Denison Fiona C, MacGregor Heather, Stirrat Laura I, Stevenson Kerrie, Norman Jane E, Reynolds Rebecca M
Tommy's Centre for Maternal and Fetal Health, MRC, University of Edinburgh Centre for Reproductive Health, University of Edinburgh, Edinburgh, UK.

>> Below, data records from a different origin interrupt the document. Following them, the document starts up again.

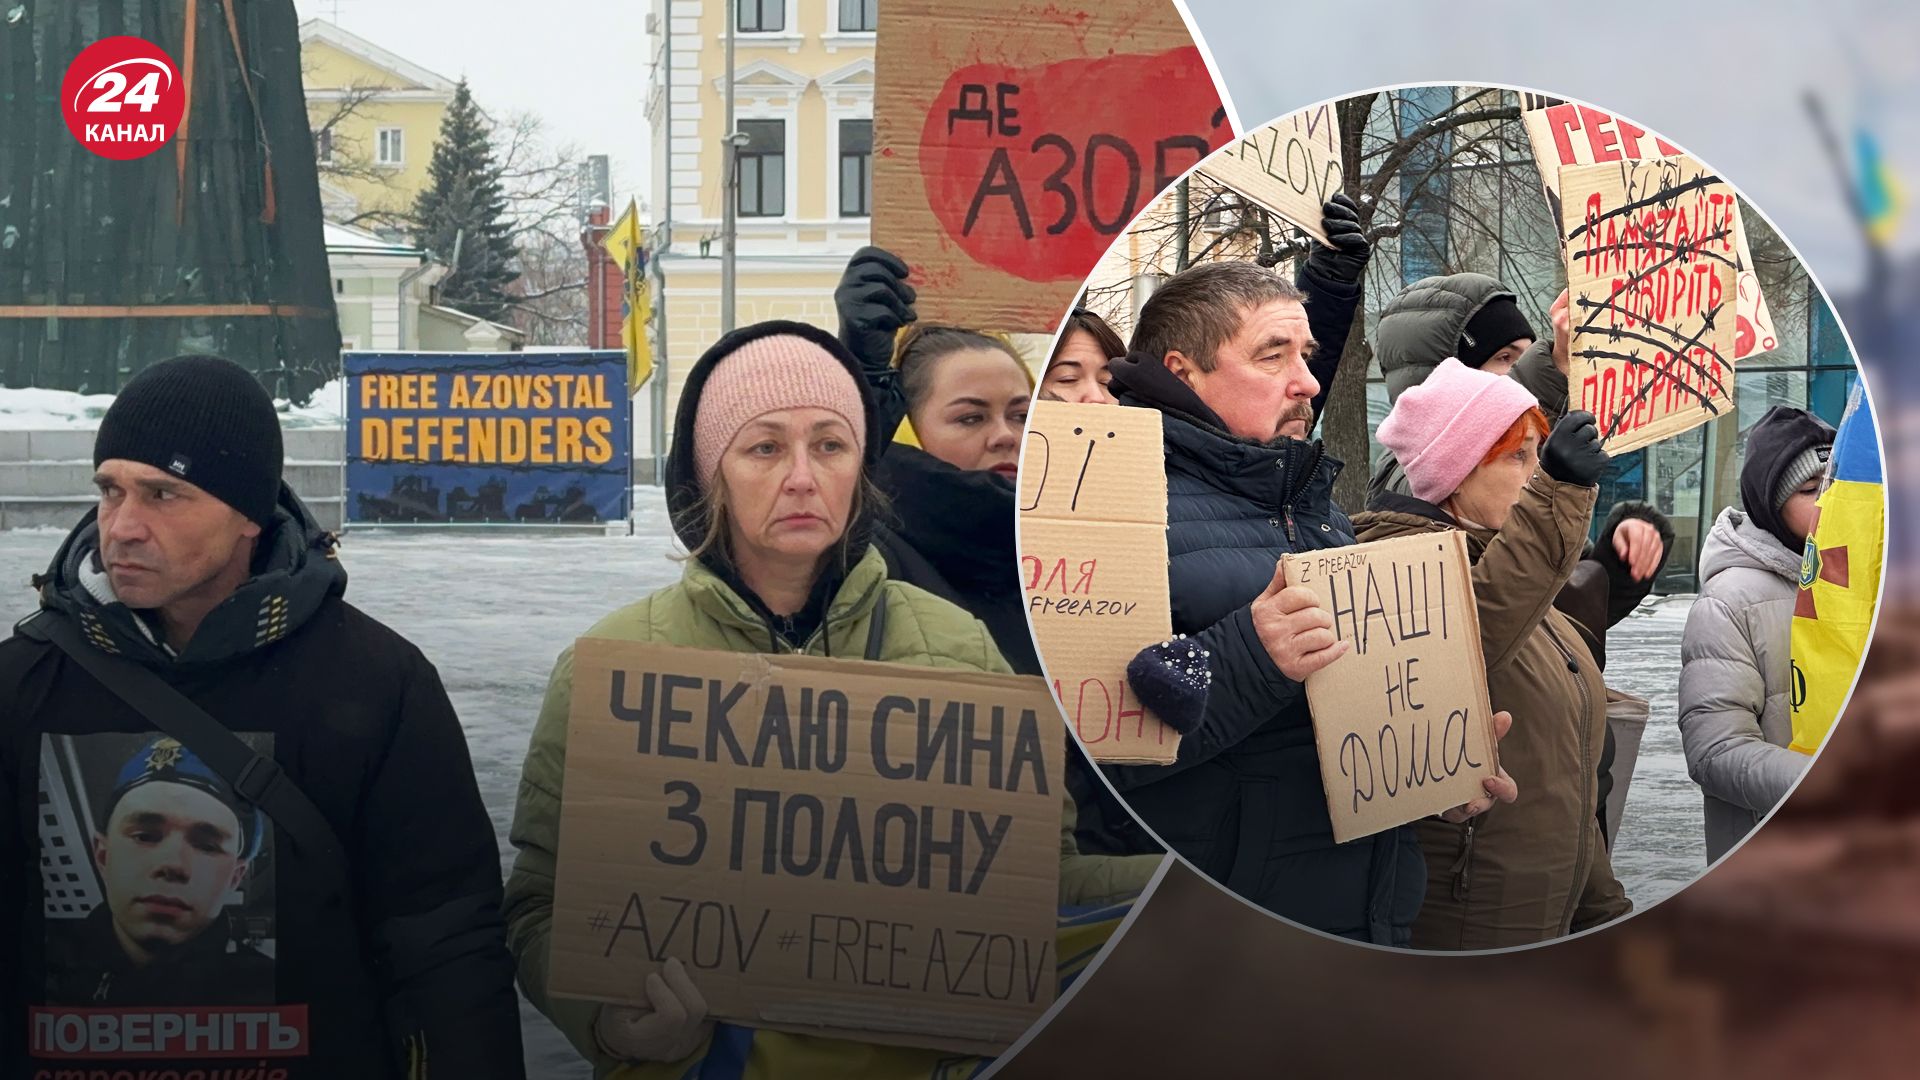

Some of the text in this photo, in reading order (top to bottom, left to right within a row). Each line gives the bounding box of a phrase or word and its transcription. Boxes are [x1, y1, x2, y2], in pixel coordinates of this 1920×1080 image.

[947, 82, 1021, 137] ДЕ
[361, 374, 613, 410] FREE AZOVSTAL
[361, 418, 613, 464] DEFENDERS
[1329, 544, 1448, 655] НАШІ
[1385, 658, 1424, 717] НЕ
[609, 669, 1050, 796] ЧЕКАЮ СИНА
[650, 781, 1012, 896] З ПОЛОНУ
[587, 892, 770, 973] #AZOV
[34, 1012, 301, 1053] ПОВЕРНІТЬ

British Heart Foundation Centre for Cardiovascular Research, University of Edinburgh, Edinburgh, UK.
BMJ Open. 2017 Jun 21;7(5):e015218. doi: 10.1136/bmjopen-2016-015218.

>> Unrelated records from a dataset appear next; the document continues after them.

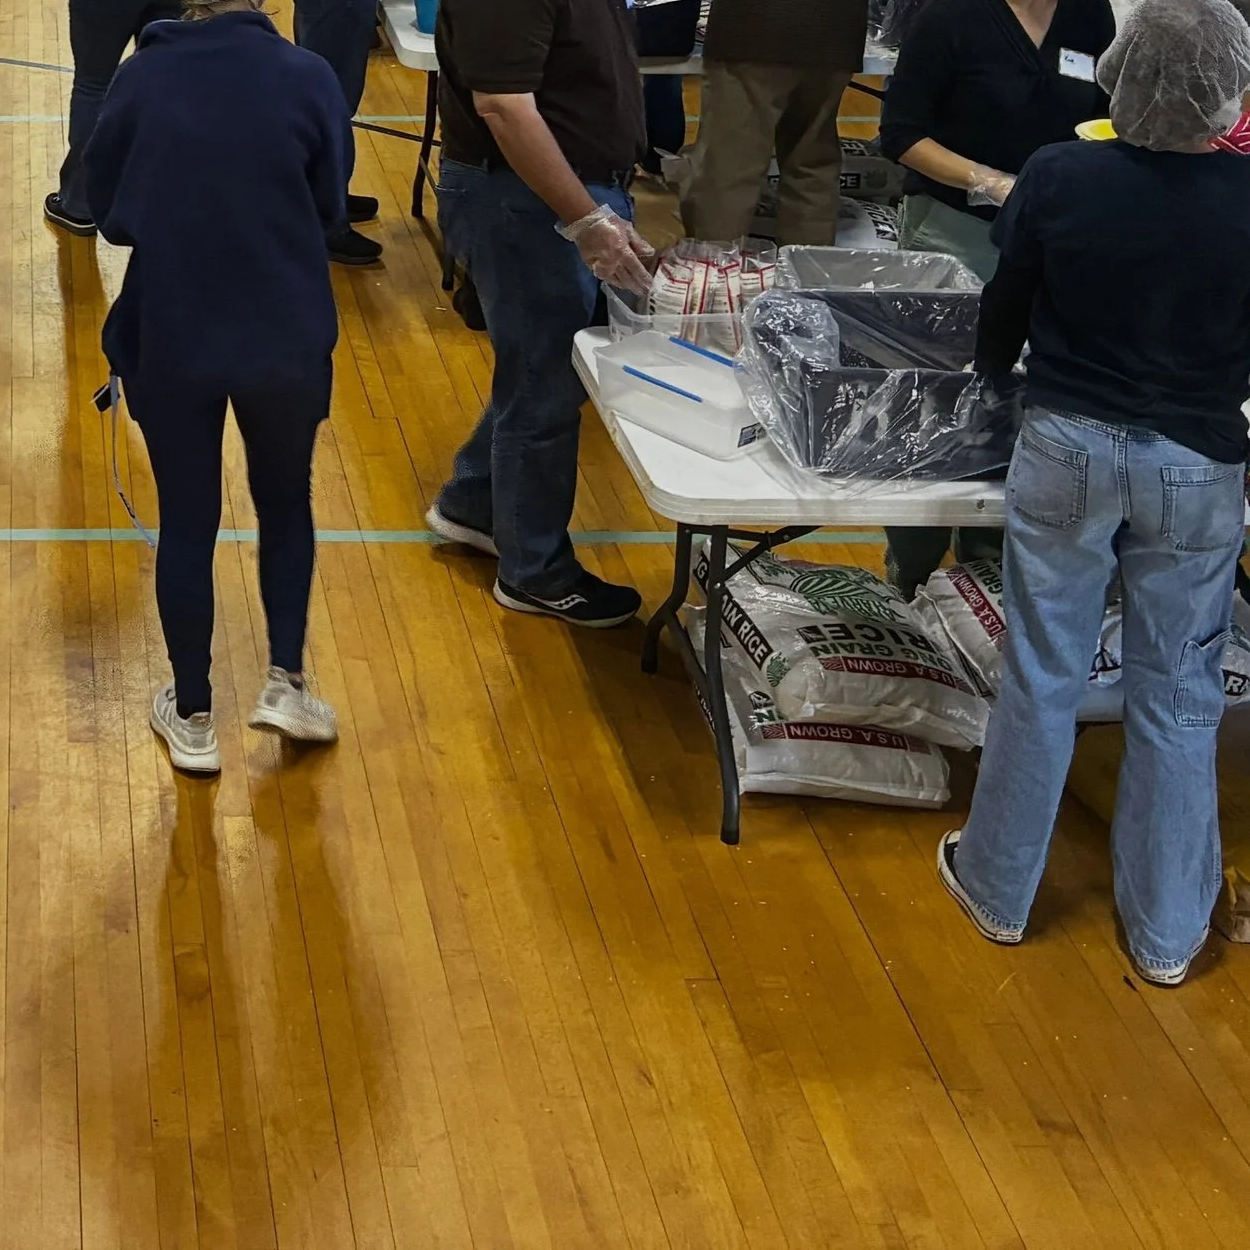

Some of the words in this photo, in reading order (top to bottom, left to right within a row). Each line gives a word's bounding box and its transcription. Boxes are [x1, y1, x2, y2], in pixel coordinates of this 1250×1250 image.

[737, 621, 768, 663] RICE
[822, 623, 937, 654] RICE
[809, 641, 894, 658] GRAIN
[847, 659, 907, 675] GROWN
[899, 647, 952, 671] ONG
[790, 725, 852, 740] GROWN
[863, 730, 904, 748] U.S.A.

To determine whether attendance at a specialised multidisciplinary antenatal clinic for women with class III obesity (BMI >40 kg/m) is associated with improved clinical outcomes compared with standard antenatal care.
Retrospective cohort study using routinely collected data from electronic patient record.
Community and hospital based antenatal care.
Women with a singleton pregnancy with class III obesity booked for antenatal care and delivered in one of two hospitals in NHS Lothian, Scotland, UK between 2008 and 2014. Maternal and offspring outcomes were compared in women who attended a specialised obesity clinic (n=511) compared with standard antenatal care (n=502).
Included stillbirth, low birth weight, gestational diabetes, induction of labour and caesarean section.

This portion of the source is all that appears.